30 years after the attack on the Israeli Embassy: what happened to the cause and why it looks like a case without destiny

Detail of the investigation into the first terrorist attack of Islamic fundamentalism in Argentina. Two years later, the attack on AMIA would come

The only certainty that Justice has about the attack that blew up the Israeli Embassy in Buenos Aires 30 years ago is that behind that bomb was the terrorist group called Islamic Jihad, the armed wing of Hezbollah. Two arrest warrants ordered in 2015 by the Supreme Court of Justice against Lebanese Hussein Mohamad Ibrahim Suleiman and Colombian José Salman El Reda Reda and a series of exhorts abroad became the last movements recorded in the case in which there were never arrested and which, over time, seems increasingly difficult to move forward.

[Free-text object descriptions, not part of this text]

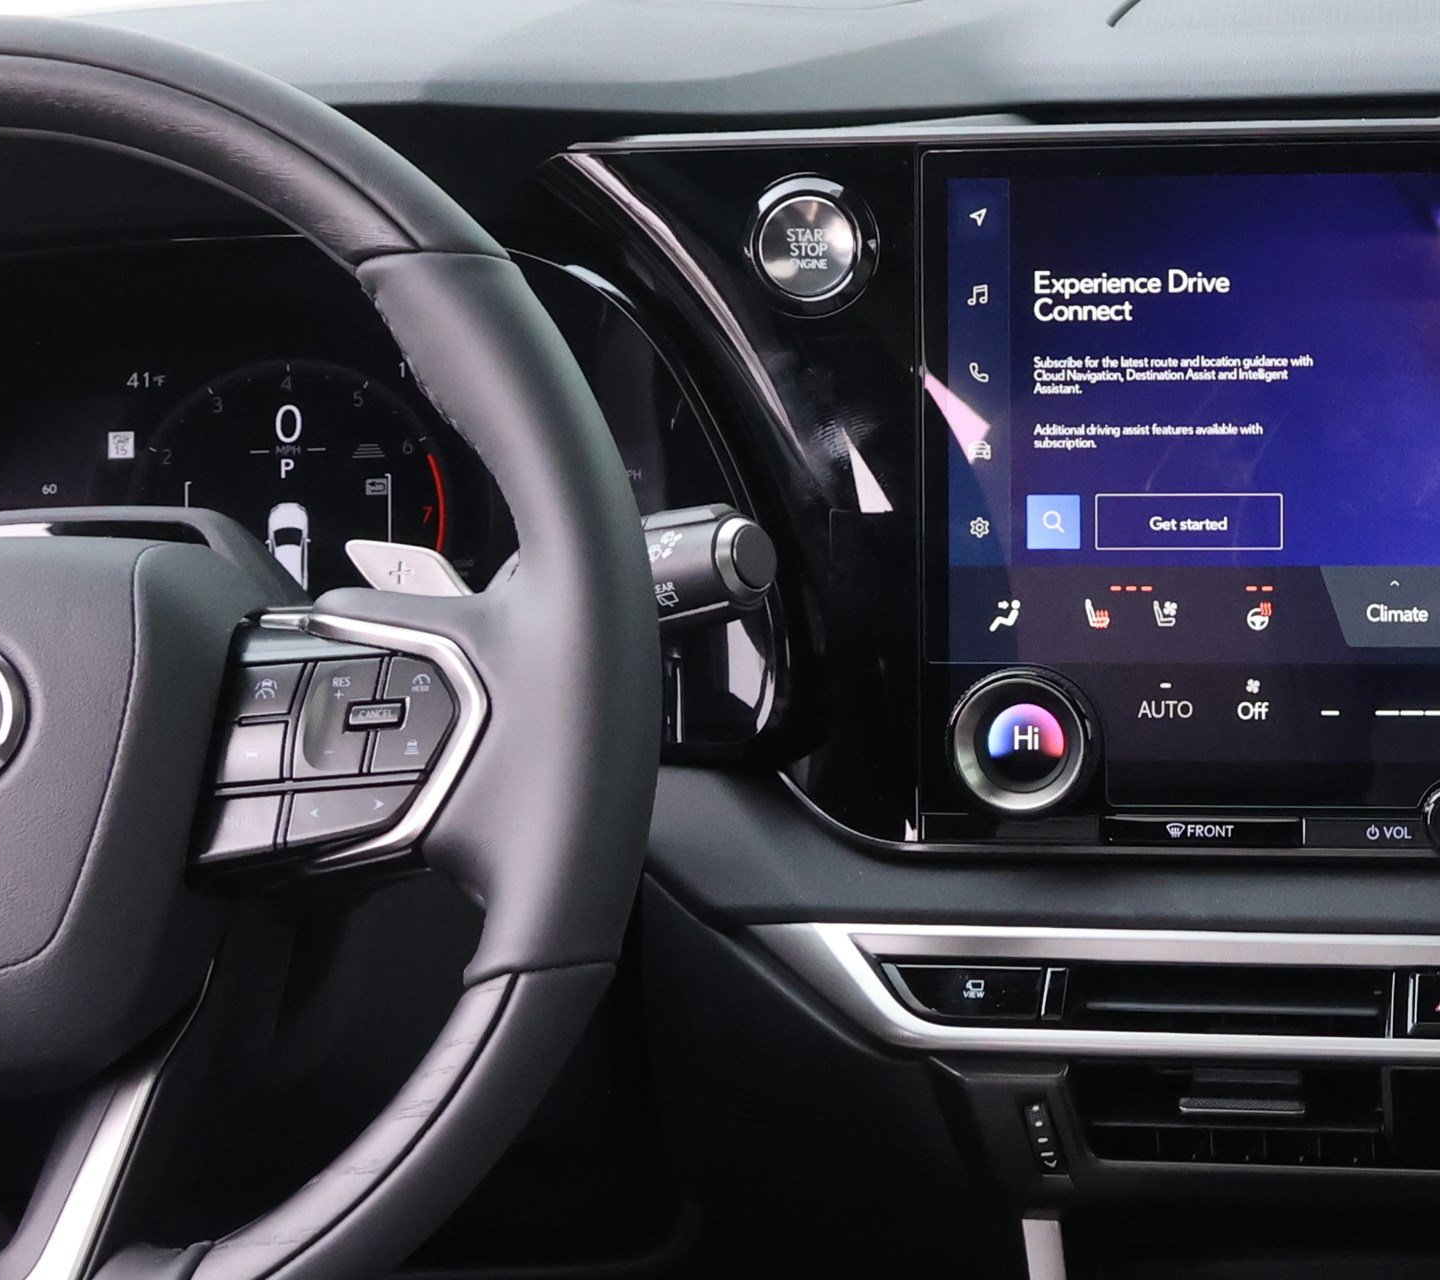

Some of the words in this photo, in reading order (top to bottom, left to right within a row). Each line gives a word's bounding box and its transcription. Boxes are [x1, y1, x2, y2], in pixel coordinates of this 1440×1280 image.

[786, 228, 828, 242] STAR
[789, 242, 828, 257] STOP
[790, 258, 828, 269] ENGINE
[1034, 270, 1162, 299] Experience
[1167, 268, 1231, 294] Drive
[1033, 297, 1134, 322] Connect
[1033, 356, 1083, 368] Subscribe
[1084, 356, 1100, 368] for
[1101, 356, 1119, 368] the
[1120, 356, 1149, 368] latest
[1150, 357, 1179, 368] route
[1180, 355, 1200, 367] and
[1201, 355, 1241, 367] location
[1242, 355, 1288, 369] guidance
[1290, 354, 1314, 367] with
[280, 375, 292, 390] 4
[1033, 369, 1065, 381] Cloud
[1066, 369, 1124, 383] Navigation,
[1126, 368, 1184, 381] Destination
[1185, 368, 1216, 380] Assist
[1218, 368, 1237, 380] and
[1238, 368, 1289, 382] Intelligent
[1033, 382, 1083, 394] Assistant.
[213, 397, 223, 413] 3
[353, 391, 363, 408] 5
[274, 404, 302, 444] 0
[1033, 423, 1085, 436] Additional
[1086, 424, 1121, 438] driving
[1122, 424, 1150, 435] assist
[1151, 423, 1194, 435] features
[1195, 423, 1239, 435] available
[1239, 422, 1264, 435] with
[276, 445, 301, 456] MPH
[402, 439, 413, 455] 6
[1033, 437, 1097, 451] subscription.
[162, 449, 172, 466] 2
[280, 459, 295, 479] P
[41, 483, 58, 495] 60
[423, 506, 433, 524] 7
[1148, 516, 1177, 531] Get
[1179, 516, 1228, 531] started
[1366, 603, 1429, 623] Climate
[331, 676, 351, 687] RES
[358, 708, 393, 719] CANCEL
[1137, 700, 1193, 719] AUTO
[1237, 701, 1270, 720] Off
[1013, 725, 1040, 751] Hi
[1187, 825, 1235, 838] FRONT
[1383, 826, 1412, 839] VOL
[962, 990, 985, 998] VIEW

It all happened 30 years ago. At 14.47 on March 17, 1992, the building on Arroyo 916 Street where the headquarters of the Israeli Embassy operated blew up. The police initially spoke of 29 dead, but only 22 deaths could be confirmed in the case: nine employees and officials of the Embassy, three masons and two plumbers, a taxi driver and three pedestrians, a priest from a neighbouring church and three elderly people staying in a residence a few meters away. Their names were portrayed on a plaque in the dry square that was raised at the site of the attack.

It was a shipment of pentrite and trinitrotoluene — fitted out in the back of a Ford F 100 van — that detonated in the building, as established by the Supreme Court in late 1999. The van had been stopped in the parking lot that Dakota SA ran in Cerrito between Juncal and Arroyo. Around the time of the explosion, the vehicle drove through Arroyo and when it arrived at the embassy, it got on the sidewalk and exploded. “It was a scene of war”, said more than once the rescuers who came to the area and did not understand what had happened. Argentina had entered the scene of world terrorism and two years later, in an attack with an almost traced methodology, another bomb would end the AMIA headquarters and the lives of 85 people.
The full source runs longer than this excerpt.